Wednesday, May 21, 2008

Short but sweet review in Foreign Affairs

Eastern Europe and Former Soviet Republics
By Richard Legvold

From Foreign Affairs , May/June 2008



The New Cold War: Putin's Russia and the Threat to the West . Edward Lucas . Palgrave Macmillan , 2008 , 272 pp. $26.95

Lucas is no simpleton, and he does not for a moment mean to suggest that the menace of today's Russia equals the challenge the Soviet Union raised during the Cold War. But menace he does see. Russia, to his reporter's eye, has again fallen into the hands of despots warring against the rule of law; personal freedom; and fair elections, laws, and courts -- and, as bad, a leadership out to resubjugate its neighbors and "to harm [the West], frustrate us, and weaken us." Money and energy resources are the new insidious tools of penetration and subversion, no longer the overt hammer of military power. Lucas is a fine writer, and his prose has all the verve and punch that the best of his magazine, The Economist, has to offer.

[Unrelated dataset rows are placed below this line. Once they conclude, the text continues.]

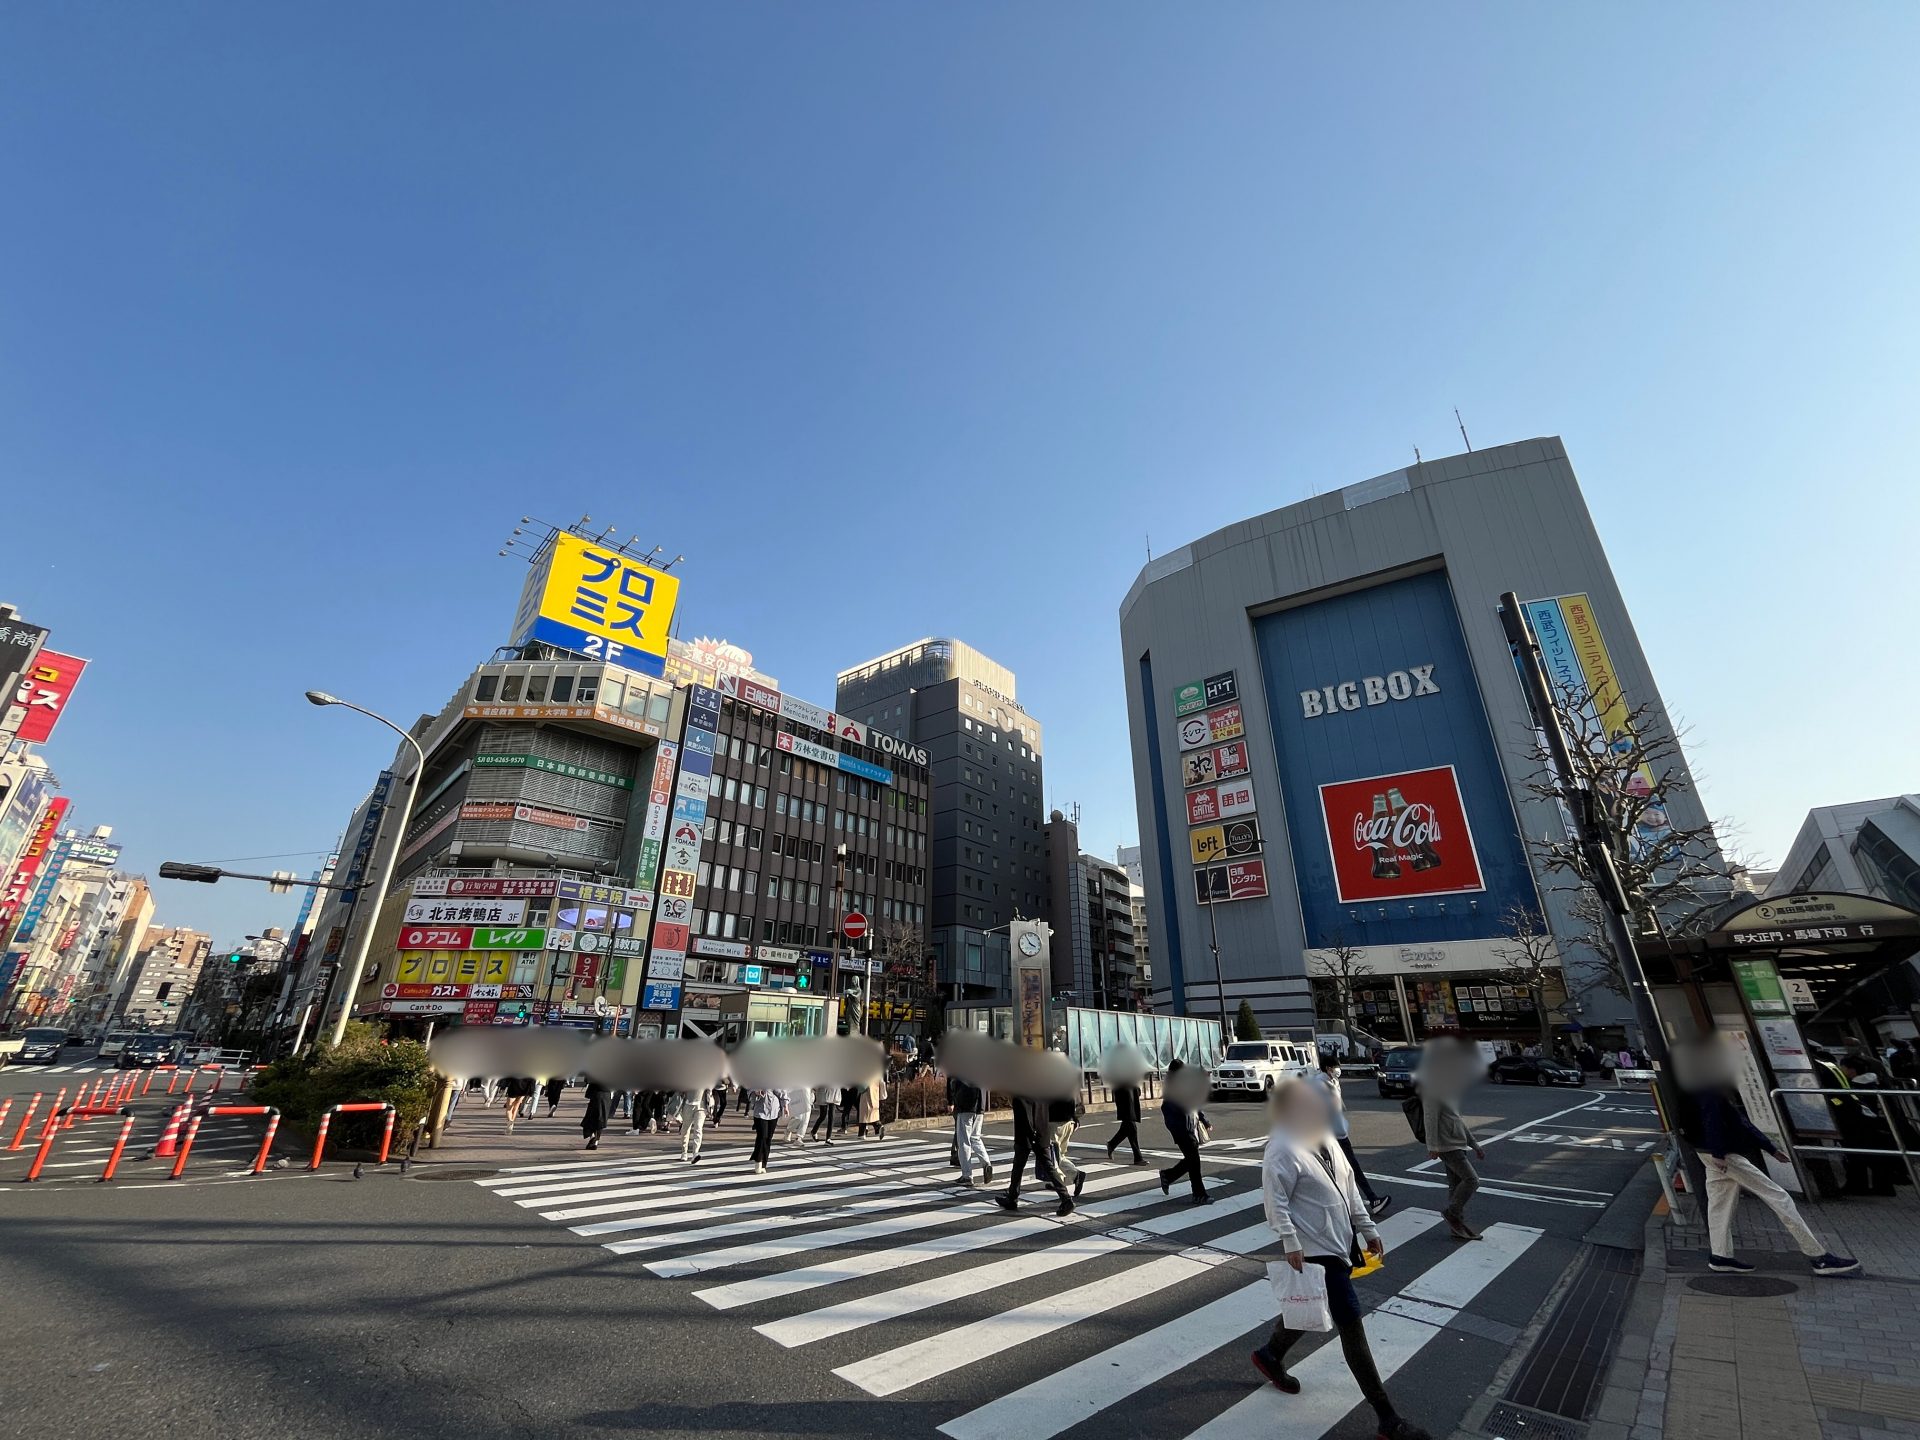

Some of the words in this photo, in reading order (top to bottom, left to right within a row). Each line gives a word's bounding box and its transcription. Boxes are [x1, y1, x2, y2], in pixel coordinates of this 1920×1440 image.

[581, 551, 656, 605] プロ
[570, 586, 645, 639] ミス
[582, 635, 624, 661] 2F
[696, 696, 717, 709] ビル
[745, 685, 780, 710] 日能研
[784, 700, 819, 716] コンタクトレンズ
[783, 705, 808, 720] Menicon
[811, 716, 827, 727] Miru
[1215, 718, 1235, 729] NEXT
[1182, 728, 1206, 738] スシロー
[779, 736, 791, 748] 本
[794, 741, 837, 764] 芳林堂書店
[872, 731, 927, 766] TOMAS
[486, 756, 525, 764] 03-6265-9570
[537, 760, 625, 787] 日本語教師養成講座
[1193, 803, 1215, 816] GAME
[28, 810, 59, 857] パチンコ
[1354, 803, 1442, 851] Coca-Cola
[675, 838, 696, 846] TOMAS
[638, 847, 649, 879] 日本語学校
[1379, 855, 1397, 864] Real
[1398, 852, 1424, 863] Magic
[1230, 867, 1244, 876] 日産
[465, 882, 498, 890] 行知学園
[1231, 874, 1262, 885] レンタカー
[429, 907, 502, 921] 北京烤鴨店
[507, 913, 519, 921] 3F
[1776, 903, 1835, 914] 高田馬場駅前
[426, 932, 461, 944] アコム
[489, 931, 528, 944] レイク
[1733, 927, 1848, 944] 早大正門・馬場下町
[1859, 925, 1874, 936] 行
[702, 945, 725, 953] Menicon
[727, 947, 741, 955] Miru
[1400, 947, 1445, 962] Emio
[405, 957, 503, 974] プロミス
[431, 985, 461, 996] ガスト
[653, 989, 672, 998] 英会話
[650, 997, 674, 1005] イーオン

In a final flourish, he exhorts U.S. and European leaders to shed their wishful thinking and gird themselves to "win the New Cold War" by collectively paying the price of freedom from dependence on Russian gas; commandeering their capital markets to deny access to predatory Russian companies; kicking Russia out of organizations in which it does not belong, such as the G-8; and trumpeting the virtue of Western values over the misbegotten preferences of Russia's present leaders.